The finished copy should hold every entry exactly as given, and no pictures.

Spatial localization data
================================

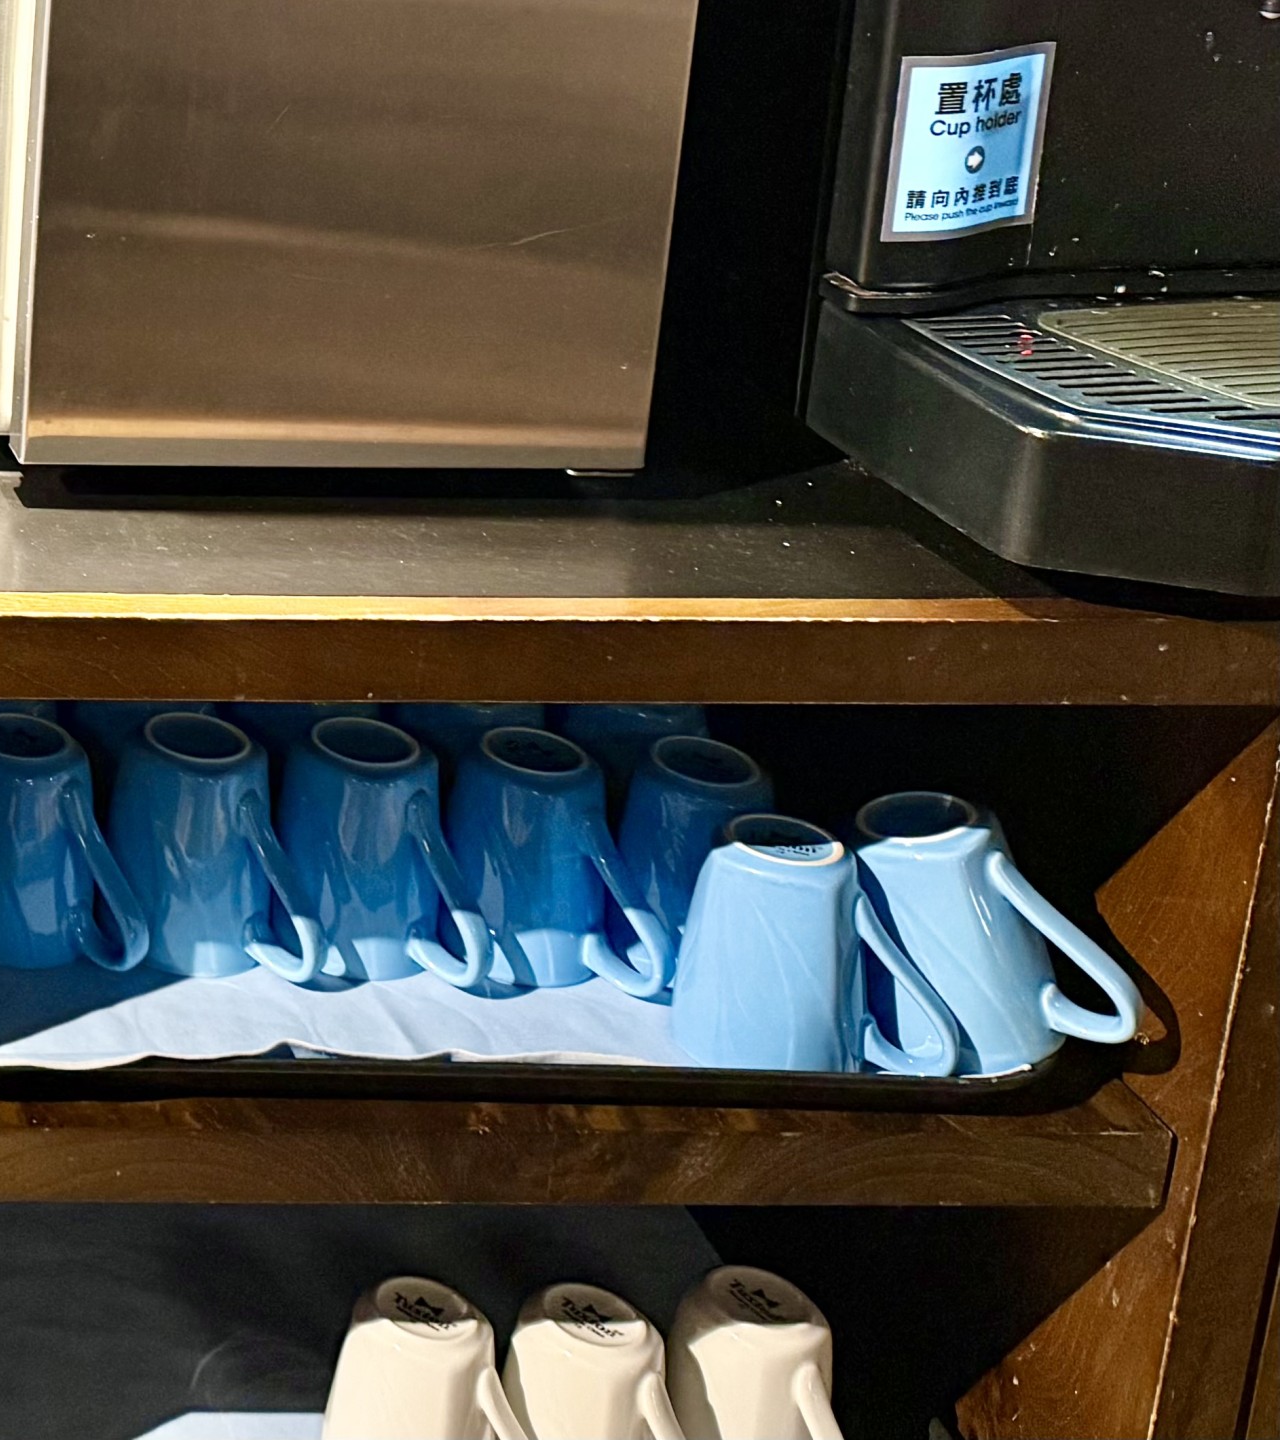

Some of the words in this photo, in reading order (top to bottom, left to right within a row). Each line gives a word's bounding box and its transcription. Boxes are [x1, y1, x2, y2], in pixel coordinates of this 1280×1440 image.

[935, 72, 1023, 115] 置杯處
[930, 118, 971, 138] Cup
[975, 110, 1022, 133] holder
[905, 212, 939, 222] Please
[942, 209, 964, 222] push

================================

THE ANSWER:
Some of the words in this photo, in reading order (top to bottom, left to right within a row). Each line gives a word's bounding box and its transcription. Boxes are [x1, y1, x2, y2], in pixel coordinates of this 1280×1440 image.

[935, 72, 1023, 115] 置杯處
[930, 118, 971, 138] Cup
[975, 110, 1022, 133] holder
[905, 212, 939, 222] Please
[942, 209, 964, 222] push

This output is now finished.